Rose::DBx::Object::InternalPager - Throttle Rose DB Iterator Fetching

SYNOPSIS ^

    use Rose::DBx::Object::InternalPager;

    my $pager = Rose::DBx::Object::InternalPager->new(
        class_name      => "Namespace::Author",
        manager_method  => "get_authors",
        manager_options => { 
          query           => [ published => 'yes' ],
          require_objects => [ 'city_of_birth' ],
          sort_by         => 'last_name',
        },
    );

    while(my $author = $pager->next()) {
        print $author->first_name(), " ",
              $author->last_name(), " ",
              $author->city_of_birth->string(), "\n";
    }

DESCRIPTION ^

Rose::DBx::Object::InternalPager is a 3rd party module for Rose::DB iterators to work around MySQL client's limited control over how many rows are fetched from the database at a time.

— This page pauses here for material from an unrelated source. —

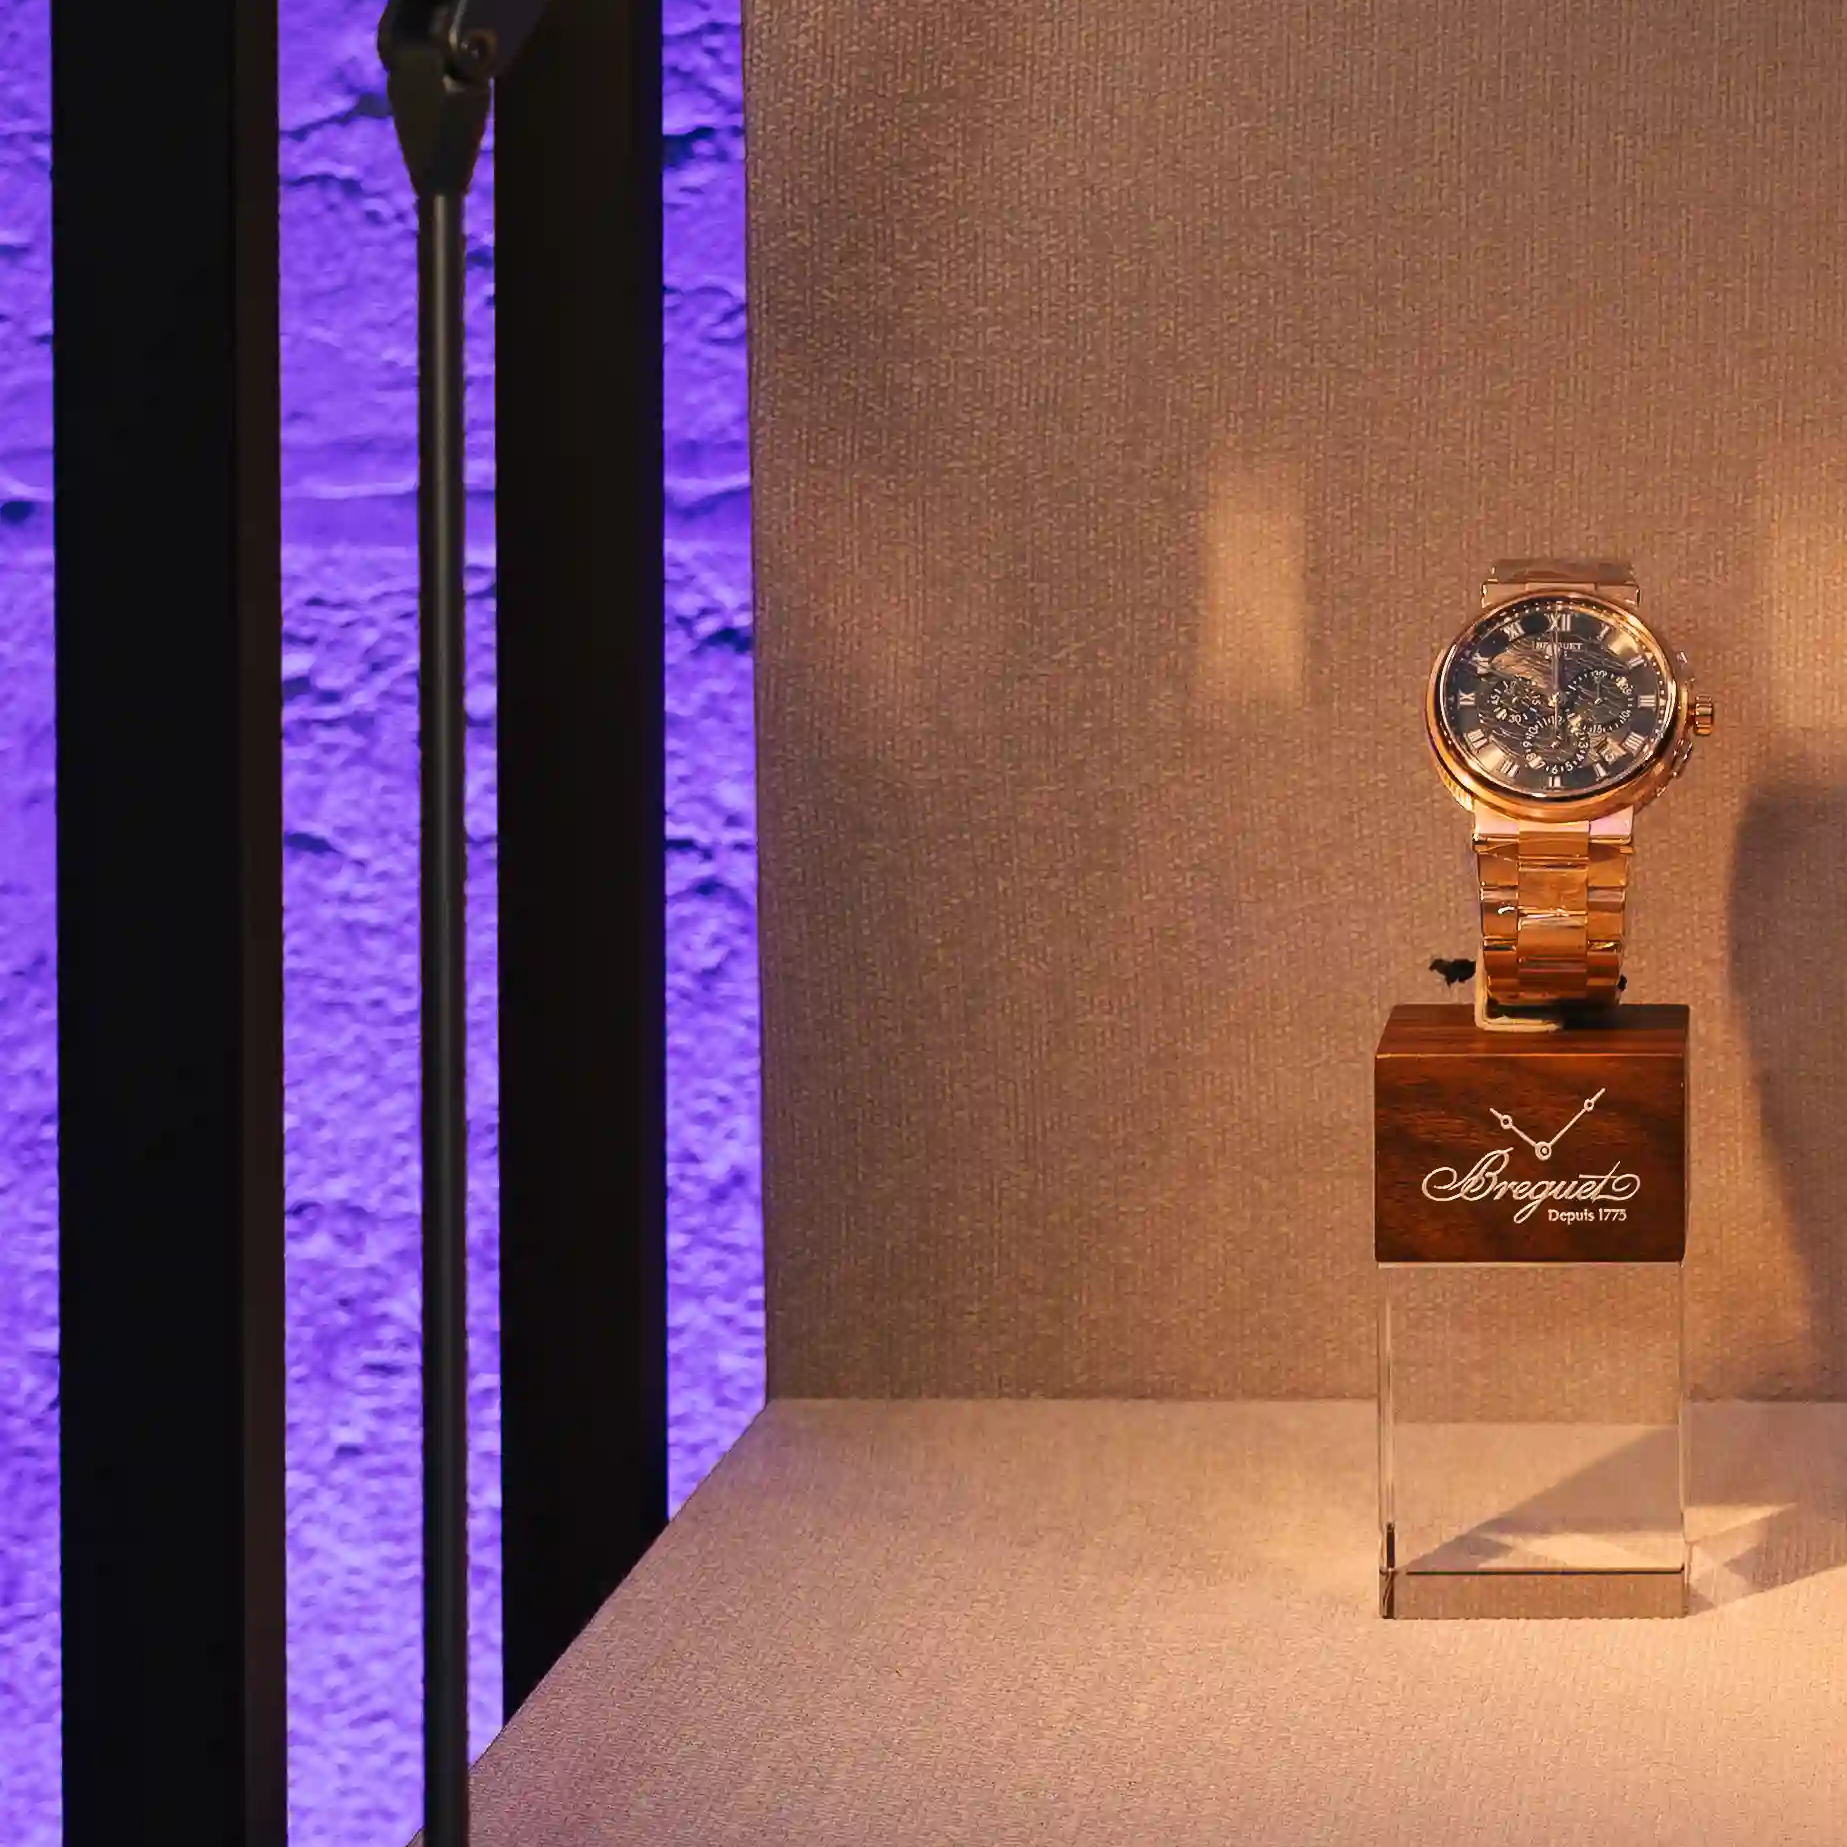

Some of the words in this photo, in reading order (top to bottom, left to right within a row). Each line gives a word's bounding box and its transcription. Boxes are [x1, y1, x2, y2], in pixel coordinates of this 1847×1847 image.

Rose::DBx::Object::InternalPager provides a hack to limit the number of fetched records and prevents programs from running out of memory.

The pager creates an iterator object, similar to the Rose Manager's get_xxx_iterator(), method. Except, behind the scenes, the pager makes sure to never fetch more than a preset number of records from the database at a time. To accomplish this, it uses LIMIT to limit the number of records retrieved, and OFFSET to fetch the next batch.

This approach might lead to anomalies when the database gets modified while the pager is at work, and this is the reason why this module has been released outside of the Rose::DB realm as a 3rd party module.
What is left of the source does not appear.